## Work to complete
The whole set of entries is to be restated word for word.

Material shown Block Start

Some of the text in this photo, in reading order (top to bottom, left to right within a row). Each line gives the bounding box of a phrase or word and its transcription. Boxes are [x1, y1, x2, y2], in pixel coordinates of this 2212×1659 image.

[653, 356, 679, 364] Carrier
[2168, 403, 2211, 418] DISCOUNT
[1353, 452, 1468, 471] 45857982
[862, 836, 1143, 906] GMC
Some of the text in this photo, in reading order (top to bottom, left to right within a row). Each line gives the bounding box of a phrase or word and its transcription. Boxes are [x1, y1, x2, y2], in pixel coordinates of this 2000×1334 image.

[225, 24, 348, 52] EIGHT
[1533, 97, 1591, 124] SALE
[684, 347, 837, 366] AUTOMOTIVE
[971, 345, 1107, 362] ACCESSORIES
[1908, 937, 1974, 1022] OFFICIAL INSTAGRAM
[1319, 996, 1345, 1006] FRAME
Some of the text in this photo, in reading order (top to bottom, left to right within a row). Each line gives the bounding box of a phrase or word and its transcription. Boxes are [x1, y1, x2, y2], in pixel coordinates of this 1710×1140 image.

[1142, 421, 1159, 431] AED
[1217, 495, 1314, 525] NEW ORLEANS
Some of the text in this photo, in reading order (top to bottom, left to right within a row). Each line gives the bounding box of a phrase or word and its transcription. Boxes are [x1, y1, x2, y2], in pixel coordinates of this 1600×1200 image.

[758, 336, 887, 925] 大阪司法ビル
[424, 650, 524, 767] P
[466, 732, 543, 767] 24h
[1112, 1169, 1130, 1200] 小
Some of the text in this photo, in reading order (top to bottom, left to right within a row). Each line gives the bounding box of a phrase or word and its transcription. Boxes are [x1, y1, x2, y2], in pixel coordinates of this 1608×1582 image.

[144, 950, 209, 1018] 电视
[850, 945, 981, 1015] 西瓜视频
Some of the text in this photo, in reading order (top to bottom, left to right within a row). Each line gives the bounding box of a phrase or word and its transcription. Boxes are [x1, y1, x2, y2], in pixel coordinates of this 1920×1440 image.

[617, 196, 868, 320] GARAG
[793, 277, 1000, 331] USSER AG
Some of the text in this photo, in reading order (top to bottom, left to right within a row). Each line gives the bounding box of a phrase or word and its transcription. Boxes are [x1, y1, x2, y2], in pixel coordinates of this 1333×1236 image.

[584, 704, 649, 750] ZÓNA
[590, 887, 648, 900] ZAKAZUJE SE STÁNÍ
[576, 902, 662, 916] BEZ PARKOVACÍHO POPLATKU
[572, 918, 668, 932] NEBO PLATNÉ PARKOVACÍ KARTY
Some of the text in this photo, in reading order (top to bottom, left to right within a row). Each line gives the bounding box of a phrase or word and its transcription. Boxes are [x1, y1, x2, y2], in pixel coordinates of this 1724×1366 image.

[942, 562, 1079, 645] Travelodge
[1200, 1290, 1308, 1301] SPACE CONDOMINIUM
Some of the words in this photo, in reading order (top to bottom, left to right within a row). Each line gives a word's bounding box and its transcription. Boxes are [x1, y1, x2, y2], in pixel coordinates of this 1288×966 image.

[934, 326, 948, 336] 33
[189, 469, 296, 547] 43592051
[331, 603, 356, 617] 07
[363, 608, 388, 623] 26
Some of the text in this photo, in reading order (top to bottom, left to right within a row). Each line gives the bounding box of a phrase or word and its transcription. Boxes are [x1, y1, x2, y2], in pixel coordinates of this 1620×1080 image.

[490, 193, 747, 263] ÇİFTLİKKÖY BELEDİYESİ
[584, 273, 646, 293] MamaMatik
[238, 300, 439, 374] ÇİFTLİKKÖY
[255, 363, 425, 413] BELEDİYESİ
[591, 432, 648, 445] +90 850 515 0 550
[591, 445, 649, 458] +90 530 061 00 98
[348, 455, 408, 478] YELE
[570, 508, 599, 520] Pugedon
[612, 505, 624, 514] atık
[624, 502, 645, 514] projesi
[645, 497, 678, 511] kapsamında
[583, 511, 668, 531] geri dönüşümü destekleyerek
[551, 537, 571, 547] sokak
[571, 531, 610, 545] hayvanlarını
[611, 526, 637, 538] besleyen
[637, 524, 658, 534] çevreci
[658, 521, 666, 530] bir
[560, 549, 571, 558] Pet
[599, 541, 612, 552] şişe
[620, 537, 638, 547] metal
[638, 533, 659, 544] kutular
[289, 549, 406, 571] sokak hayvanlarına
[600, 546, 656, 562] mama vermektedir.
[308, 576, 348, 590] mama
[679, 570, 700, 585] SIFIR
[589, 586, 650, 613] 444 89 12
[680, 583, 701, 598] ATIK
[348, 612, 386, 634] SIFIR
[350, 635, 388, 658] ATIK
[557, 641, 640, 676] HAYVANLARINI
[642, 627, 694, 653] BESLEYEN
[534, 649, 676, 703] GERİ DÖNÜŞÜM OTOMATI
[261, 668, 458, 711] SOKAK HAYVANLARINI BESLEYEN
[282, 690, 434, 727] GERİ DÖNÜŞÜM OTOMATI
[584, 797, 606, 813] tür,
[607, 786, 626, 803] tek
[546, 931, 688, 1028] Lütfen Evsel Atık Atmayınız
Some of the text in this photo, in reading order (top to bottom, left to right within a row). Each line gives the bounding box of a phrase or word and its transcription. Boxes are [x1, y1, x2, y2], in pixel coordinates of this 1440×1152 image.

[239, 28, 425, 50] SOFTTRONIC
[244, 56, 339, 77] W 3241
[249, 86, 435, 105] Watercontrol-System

Material shown Block End

## Task answer
Some of the text in this photo, in reading order (top to bottom, left to right within a row). Each line gives the bounding box of a phrase or word and its transcription. Boxes are [x1, y1, x2, y2], in pixel coordinates of this 2212×1659 image.

[653, 356, 679, 364] Carrier
[2168, 403, 2211, 418] DISCOUNT
[1353, 452, 1468, 471] 45857982
[862, 836, 1143, 906] GMC
Some of the text in this photo, in reading order (top to bottom, left to right within a row). Each line gives the bounding box of a phrase or word and its transcription. Boxes are [x1, y1, x2, y2], in pixel coordinates of this 2000×1334 image.

[225, 24, 348, 52] EIGHT
[1533, 97, 1591, 124] SALE
[684, 347, 837, 366] AUTOMOTIVE
[971, 345, 1107, 362] ACCESSORIES
[1908, 937, 1974, 1022] OFFICIAL INSTAGRAM
[1319, 996, 1345, 1006] FRAME
Some of the text in this photo, in reading order (top to bottom, left to right within a row). Each line gives the bounding box of a phrase or word and its transcription. Boxes are [x1, y1, x2, y2], in pixel coordinates of this 1710×1140 image.

[1142, 421, 1159, 431] AED
[1217, 495, 1314, 525] NEW ORLEANS
Some of the text in this photo, in reading order (top to bottom, left to right within a row). Each line gives the bounding box of a phrase or word and its transcription. Boxes are [x1, y1, x2, y2], in pixel coordinates of this 1600×1200 image.

[758, 336, 887, 925] 大阪司法ビル
[424, 650, 524, 767] P
[466, 732, 543, 767] 24h
[1112, 1169, 1130, 1200] 小
Some of the text in this photo, in reading order (top to bottom, left to right within a row). Each line gives the bounding box of a phrase or word and its transcription. Boxes are [x1, y1, x2, y2], in pixel coordinates of this 1608×1582 image.

[144, 950, 209, 1018] 电视
[850, 945, 981, 1015] 西瓜视频
Some of the text in this photo, in reading order (top to bottom, left to right within a row). Each line gives the bounding box of a phrase or word and its transcription. Boxes are [x1, y1, x2, y2], in pixel coordinates of this 1920×1440 image.

[617, 196, 868, 320] GARAG
[793, 277, 1000, 331] USSER AG
Some of the text in this photo, in reading order (top to bottom, left to right within a row). Each line gives the bounding box of a phrase or word and its transcription. Boxes are [x1, y1, x2, y2], in pixel coordinates of this 1333×1236 image.

[584, 704, 649, 750] ZÓNA
[590, 887, 648, 900] ZAKAZUJE SE STÁNÍ
[576, 902, 662, 916] BEZ PARKOVACÍHO POPLATKU
[572, 918, 668, 932] NEBO PLATNÉ PARKOVACÍ KARTY
Some of the text in this photo, in reading order (top to bottom, left to right within a row). Each line gives the bounding box of a phrase or word and its transcription. Boxes are [x1, y1, x2, y2], in pixel coordinates of this 1724×1366 image.

[942, 562, 1079, 645] Travelodge
[1200, 1290, 1308, 1301] SPACE CONDOMINIUM
Some of the words in this photo, in reading order (top to bottom, left to right within a row). Each line gives a word's bounding box and its transcription. Boxes are [x1, y1, x2, y2], in pixel coordinates of this 1288×966 image.

[934, 326, 948, 336] 33
[189, 469, 296, 547] 43592051
[331, 603, 356, 617] 07
[363, 608, 388, 623] 26
Some of the text in this photo, in reading order (top to bottom, left to right within a row). Each line gives the bounding box of a phrase or word and its transcription. Boxes are [x1, y1, x2, y2], in pixel coordinates of this 1620×1080 image.

[490, 193, 747, 263] ÇİFTLİKKÖY BELEDİYESİ
[584, 273, 646, 293] MamaMatik
[238, 300, 439, 374] ÇİFTLİKKÖY
[255, 363, 425, 413] BELEDİYESİ
[591, 432, 648, 445] +90 850 515 0 550
[591, 445, 649, 458] +90 530 061 00 98
[348, 455, 408, 478] YELE
[570, 508, 599, 520] Pugedon
[612, 505, 624, 514] atık
[624, 502, 645, 514] projesi
[645, 497, 678, 511] kapsamında
[583, 511, 668, 531] geri dönüşümü destekleyerek
[551, 537, 571, 547] sokak
[571, 531, 610, 545] hayvanlarını
[611, 526, 637, 538] besleyen
[637, 524, 658, 534] çevreci
[658, 521, 666, 530] bir
[560, 549, 571, 558] Pet
[599, 541, 612, 552] şişe
[620, 537, 638, 547] metal
[638, 533, 659, 544] kutular
[289, 549, 406, 571] sokak hayvanlarına
[600, 546, 656, 562] mama vermektedir.
[308, 576, 348, 590] mama
[679, 570, 700, 585] SIFIR
[589, 586, 650, 613] 444 89 12
[680, 583, 701, 598] ATIK
[348, 612, 386, 634] SIFIR
[350, 635, 388, 658] ATIK
[557, 641, 640, 676] HAYVANLARINI
[642, 627, 694, 653] BESLEYEN
[534, 649, 676, 703] GERİ DÖNÜŞÜM OTOMATI
[261, 668, 458, 711] SOKAK HAYVANLARINI BESLEYEN
[282, 690, 434, 727] GERİ DÖNÜŞÜM OTOMATI
[584, 797, 606, 813] tür,
[607, 786, 626, 803] tek
[546, 931, 688, 1028] Lütfen Evsel Atık Atmayınız
Some of the text in this photo, in reading order (top to bottom, left to right within a row). Each line gives the bounding box of a phrase or word and its transcription. Boxes are [x1, y1, x2, y2], in pixel coordinates of this 1440×1152 image.

[239, 28, 425, 50] SOFTTRONIC
[244, 56, 339, 77] W 3241
[249, 86, 435, 105] Watercontrol-System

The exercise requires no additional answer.